▶ [Work request]
Leave every image behind and restate the data word for word.

▶ [Task input]
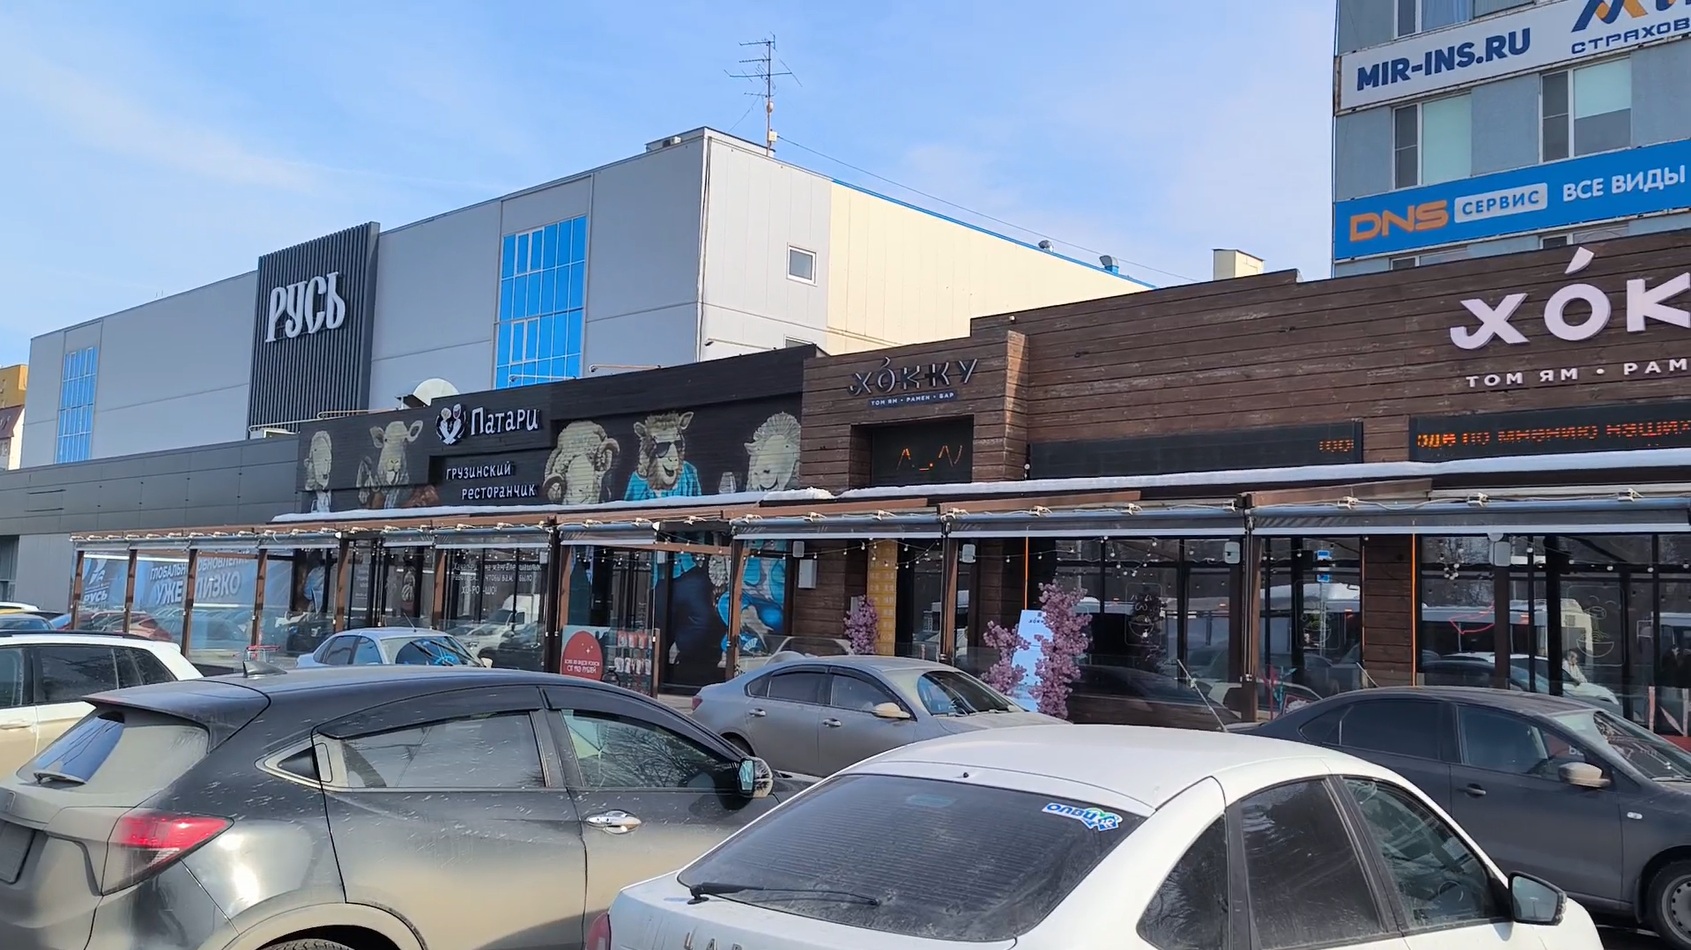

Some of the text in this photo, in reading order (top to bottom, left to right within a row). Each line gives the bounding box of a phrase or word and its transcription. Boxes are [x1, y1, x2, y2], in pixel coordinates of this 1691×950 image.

[1571, 17, 1690, 54] СТРАХОВ
[1357, 27, 1531, 91] MIR-INS.RU
[1563, 165, 1686, 201] ВСЕ ВИДЫ
[1350, 199, 1449, 242] DNS
[1462, 190, 1540, 215] СЕРВИС
[265, 271, 346, 342] РУСЬ
[1466, 358, 1687, 387] ТОМ ЯМ РАМ
[155, 570, 241, 605] УЖЕ ЛИЗКО
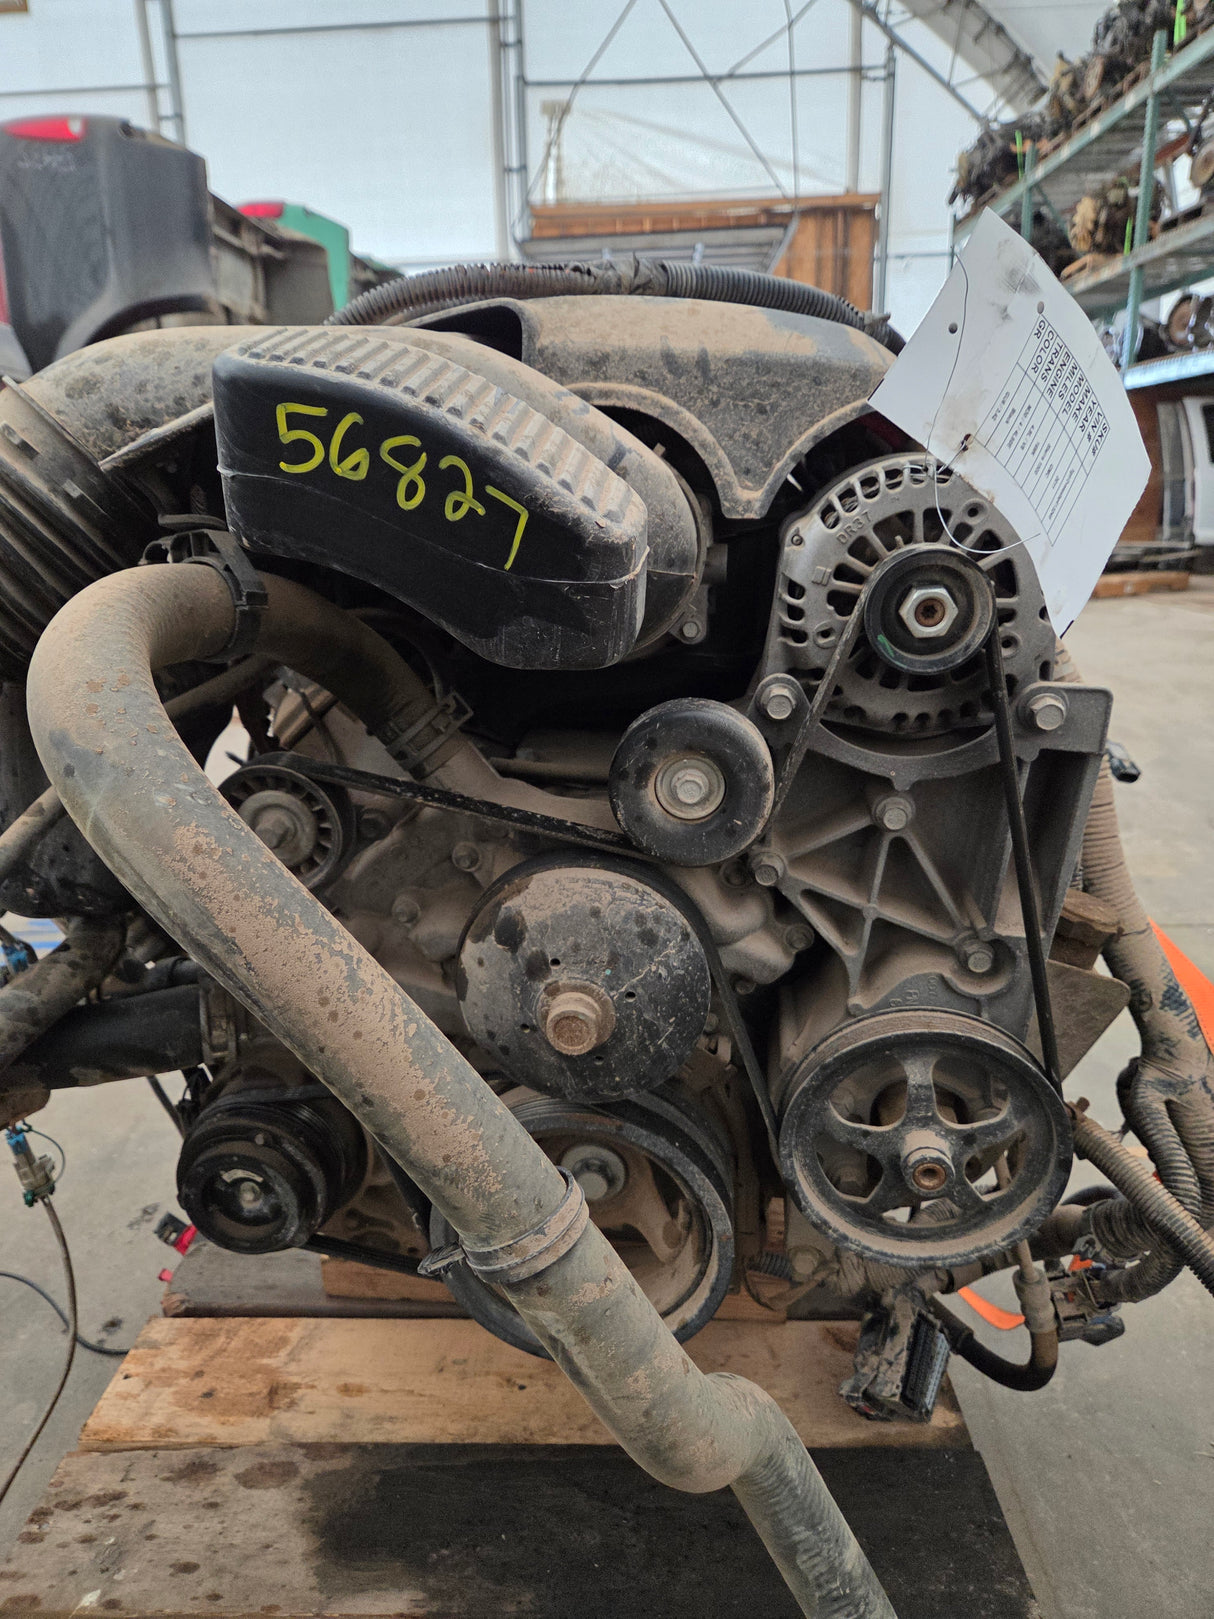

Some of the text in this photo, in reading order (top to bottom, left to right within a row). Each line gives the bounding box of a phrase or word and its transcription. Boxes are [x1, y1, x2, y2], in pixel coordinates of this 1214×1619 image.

[1034, 320, 1046, 339] GR
[1031, 330, 1055, 374] COLOR
[1041, 342, 1063, 382] TRANS
[1046, 351, 1071, 398] ENGINE
[1058, 362, 1078, 400] MILES
[1062, 373, 1084, 415] MODEL
[1072, 385, 1091, 423] MAKE
[1079, 400, 1097, 432] YEAR
[1091, 411, 1103, 433] VIN
[1091, 422, 1108, 456] SKU#
[276, 402, 529, 571] 56827
[836, 509, 871, 545] DR37

▶ [Result for this task]
Some of the text in this photo, in reading order (top to bottom, left to right within a row). Each line gives the bounding box of a phrase or word and its transcription. Boxes are [x1, y1, x2, y2], in pixel coordinates of this 1691×950 image.

[1571, 17, 1690, 54] СТРАХОВ
[1357, 27, 1531, 91] MIR-INS.RU
[1563, 165, 1686, 201] ВСЕ ВИДЫ
[1350, 199, 1449, 242] DNS
[1462, 190, 1540, 215] СЕРВИС
[265, 271, 346, 342] РУСЬ
[1466, 358, 1687, 387] ТОМ ЯМ РАМ
[155, 570, 241, 605] УЖЕ ЛИЗКО

Some of the text in this photo, in reading order (top to bottom, left to right within a row). Each line gives the bounding box of a phrase or word and its transcription. Boxes are [x1, y1, x2, y2], in pixel coordinates of this 1214×1619 image.

[1034, 320, 1046, 339] GR
[1031, 330, 1055, 374] COLOR
[1041, 342, 1063, 382] TRANS
[1046, 351, 1071, 398] ENGINE
[1058, 362, 1078, 400] MILES
[1062, 373, 1084, 415] MODEL
[1072, 385, 1091, 423] MAKE
[1079, 400, 1097, 432] YEAR
[1091, 411, 1103, 433] VIN
[1091, 422, 1108, 456] SKU#
[276, 402, 529, 571] 56827
[836, 509, 871, 545] DR37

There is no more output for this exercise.